Spatial localization data:
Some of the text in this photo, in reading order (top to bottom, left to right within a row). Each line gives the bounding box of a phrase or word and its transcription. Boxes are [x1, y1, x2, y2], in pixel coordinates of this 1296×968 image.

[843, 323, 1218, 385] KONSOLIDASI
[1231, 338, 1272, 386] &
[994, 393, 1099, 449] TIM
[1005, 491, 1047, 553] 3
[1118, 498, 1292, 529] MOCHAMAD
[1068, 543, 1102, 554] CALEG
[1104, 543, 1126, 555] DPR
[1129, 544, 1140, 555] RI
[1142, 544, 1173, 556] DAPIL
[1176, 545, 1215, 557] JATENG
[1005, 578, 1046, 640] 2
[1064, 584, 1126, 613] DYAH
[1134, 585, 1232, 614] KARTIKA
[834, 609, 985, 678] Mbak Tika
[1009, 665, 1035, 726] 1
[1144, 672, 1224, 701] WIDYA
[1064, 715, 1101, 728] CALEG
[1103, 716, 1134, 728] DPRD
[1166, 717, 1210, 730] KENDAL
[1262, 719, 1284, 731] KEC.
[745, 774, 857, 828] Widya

**Assignment**. Please give all the lines above again, exactly as they read.

**Task output**.
Some of the text in this photo, in reading order (top to bottom, left to right within a row). Each line gives the bounding box of a phrase or word and its transcription. Boxes are [x1, y1, x2, y2], in pixel coordinates of this 1296×968 image.

[843, 323, 1218, 385] KONSOLIDASI
[1231, 338, 1272, 386] &
[994, 393, 1099, 449] TIM
[1005, 491, 1047, 553] 3
[1118, 498, 1292, 529] MOCHAMAD
[1068, 543, 1102, 554] CALEG
[1104, 543, 1126, 555] DPR
[1129, 544, 1140, 555] RI
[1142, 544, 1173, 556] DAPIL
[1176, 545, 1215, 557] JATENG
[1005, 578, 1046, 640] 2
[1064, 584, 1126, 613] DYAH
[1134, 585, 1232, 614] KARTIKA
[834, 609, 985, 678] Mbak Tika
[1009, 665, 1035, 726] 1
[1144, 672, 1224, 701] WIDYA
[1064, 715, 1101, 728] CALEG
[1103, 716, 1134, 728] DPRD
[1166, 717, 1210, 730] KENDAL
[1262, 719, 1284, 731] KEC.
[745, 774, 857, 828] Widya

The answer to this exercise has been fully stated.